Indica, sativa, and why the labels are shakier than you'd think
Indica and sativa originally described the plant's physical shape — indica short and bushy, sativa tall and narrow-leafed. Over decades of crossbreeding, almost every strain available today is a hybrid, and a plant's shape tells you very little about the effects it produces. Dispensaries still use the labels because they're familiar shorthand, but the more reliable signal is underneath them: terpenes and cannabinoid ratios.
Terpenes: the part that actually matters
Terpenes are aromatic compounds found throughout the plant kingdom — the same family of molecules that give lavender its scent or black pepper its bite. In cannabis, terpenes are widely believed to shape the character of an experience alongside THC and CBD. A few of the most common:
- Myrcene — earthy, musky, found in mangoes and hops; the most common terpene in many cannabis varieties.
- Limonene — bright, citrusy; also found in citrus peels.

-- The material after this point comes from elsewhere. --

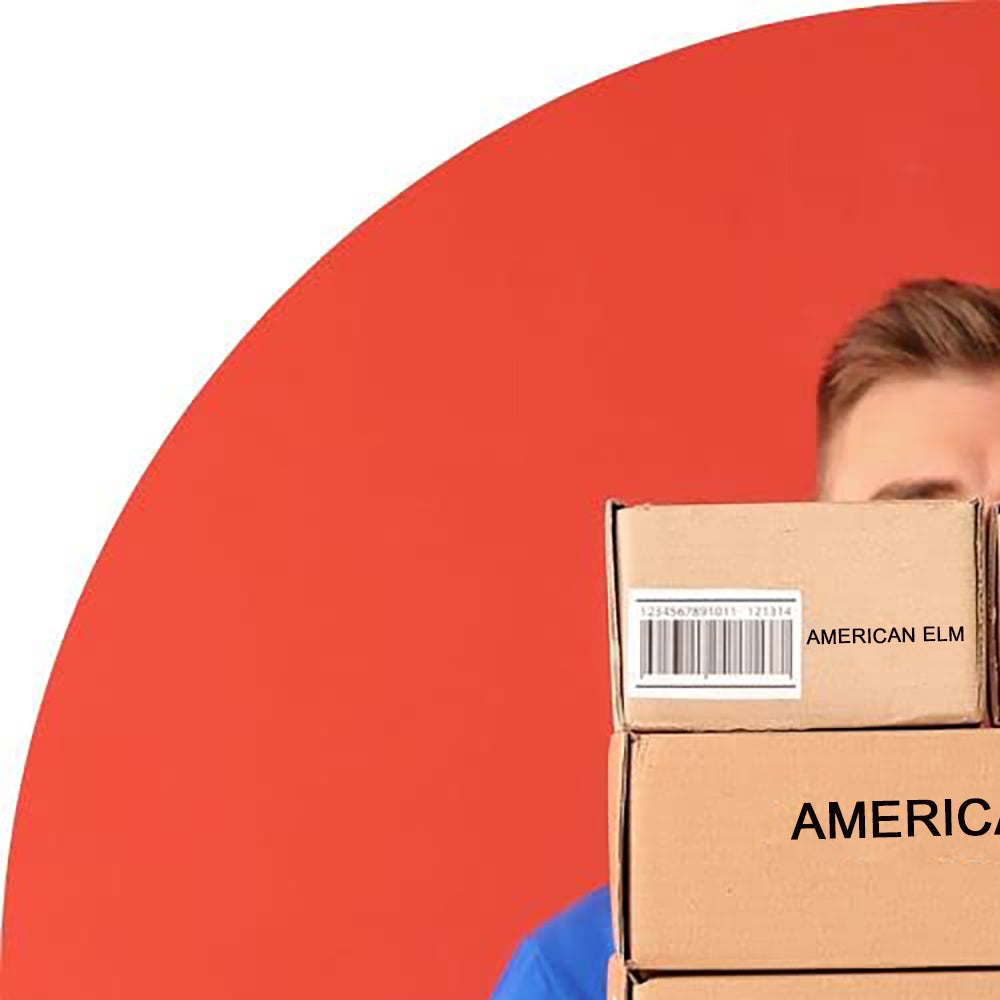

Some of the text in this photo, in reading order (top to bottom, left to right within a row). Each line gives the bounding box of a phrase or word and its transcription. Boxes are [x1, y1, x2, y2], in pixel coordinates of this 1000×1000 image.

[640, 606, 792, 617] 1234567891011 121314
[806, 625, 965, 645] AMERICAN ELM

- Caryophyllene — peppery and spicy; the only terpene known to also interact directly with the body's CB2 receptors.
- Linalool — floral, the same terpene found in lavender.
- Pinene — sharp and green, found in pine needles and rosemary.
Ask about the terpene profile of whatever you're curious about — it's a far more specific and useful question than "indica or sativa."
Reading a Certificate of Analysis (COA)
Licensed Thai dispensaries are required to source cannabis from GACP-certified cultivation sites, which include lab testing for potency, heavy metals, pesticides, and pathogens. A Certificate of Analysis (COA) documents those results. If you want to see one, ask — a shop that can produce a current COA on request is a shop that takes quality seriously.
Format matters as much as strain
Flower, edibles, and other formats differ enormously in onset time and duration — flower's effects begin within minutes, while edibles can take an hour or more and last considerably longer. If you're new to any of this, format is often a bigger decision than strain name.